== WHAT IS NEEDED ==
Give the records again in full, exactly as they appear, but without the pictures.

START SOURCE DATA

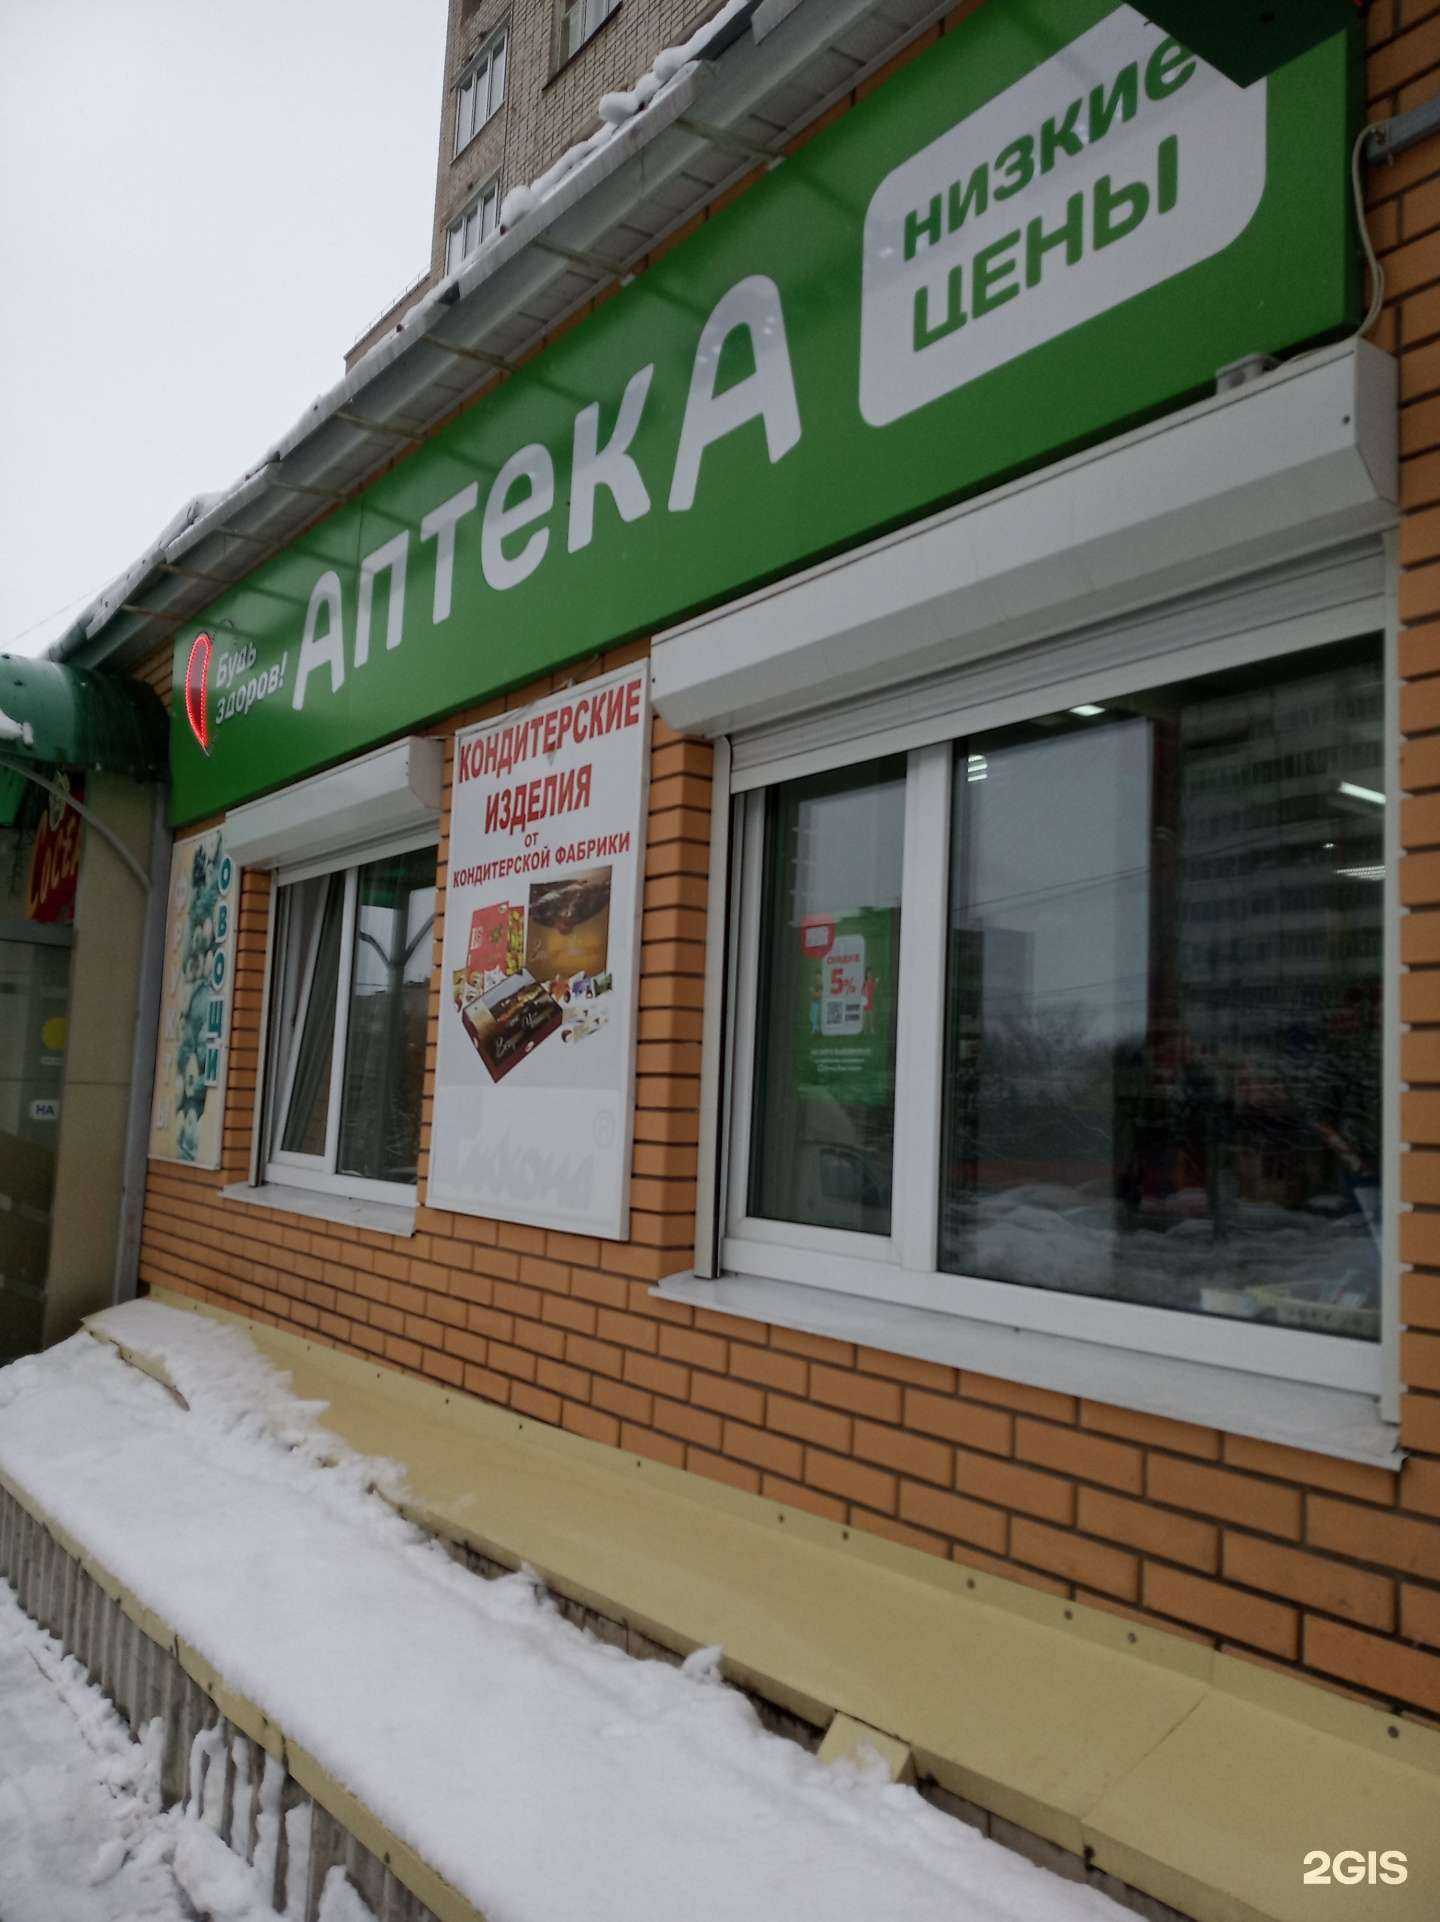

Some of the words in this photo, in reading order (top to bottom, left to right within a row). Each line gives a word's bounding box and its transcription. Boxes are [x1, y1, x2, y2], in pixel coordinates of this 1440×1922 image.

[913, 134, 1178, 352] ЦЕНЫ
[215, 651, 288, 724] здоров!
[216, 640, 257, 688] Будь
[458, 679, 642, 784] КОНДИТЕРСКИЕ
[484, 763, 593, 835] ИЗДЕЛИЯ
[453, 845, 550, 888] КОНДИТЕРСКОЙ
[555, 832, 630, 865] ФАБРИКИ
[205, 856, 232, 1086] ОВОЩИ
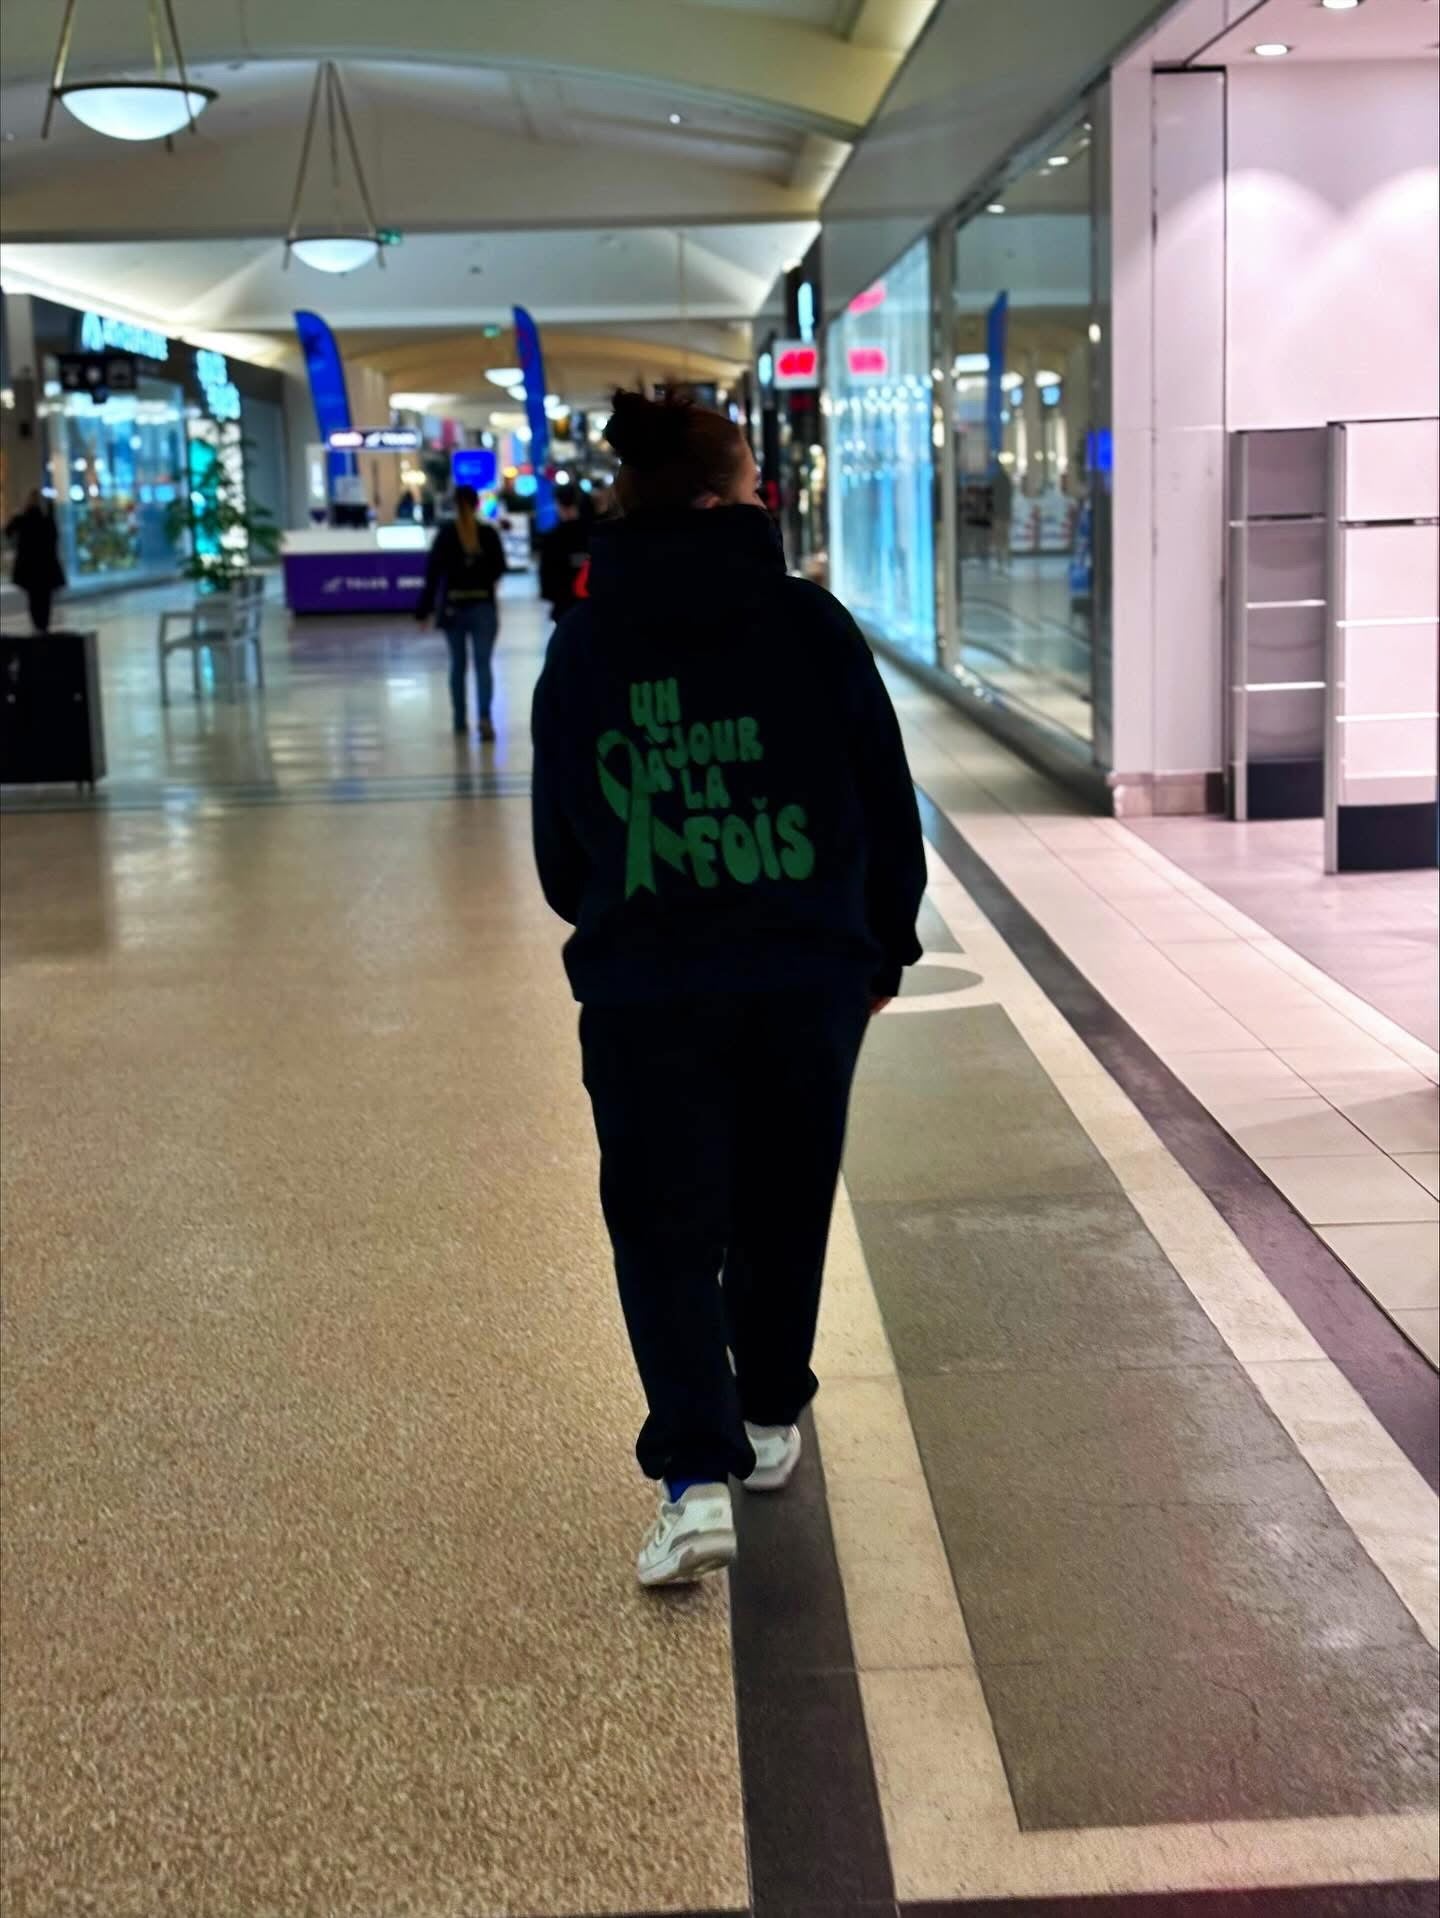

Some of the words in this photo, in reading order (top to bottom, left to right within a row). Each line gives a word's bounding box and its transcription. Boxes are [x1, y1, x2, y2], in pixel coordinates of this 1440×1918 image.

END SOURCE DATA

== RESPONSE BOX ==
Some of the words in this photo, in reading order (top to bottom, left to right within a row). Each line gives a word's bounding box and its transcription. Boxes are [x1, y1, x2, y2], in pixel coordinates of this 1440×1922 image.

[913, 134, 1178, 352] ЦЕНЫ
[215, 651, 288, 724] здоров!
[216, 640, 257, 688] Будь
[458, 679, 642, 784] КОНДИТЕРСКИЕ
[484, 763, 593, 835] ИЗДЕЛИЯ
[453, 845, 550, 888] КОНДИТЕРСКОЙ
[555, 832, 630, 865] ФАБРИКИ
[205, 856, 232, 1086] ОВОЩИ

Some of the words in this photo, in reading order (top to bottom, left to right within a row). Each line gives a word's bounding box and its transcription. Boxes are [x1, y1, x2, y2], in pixel coordinates of this 1440×1918 image.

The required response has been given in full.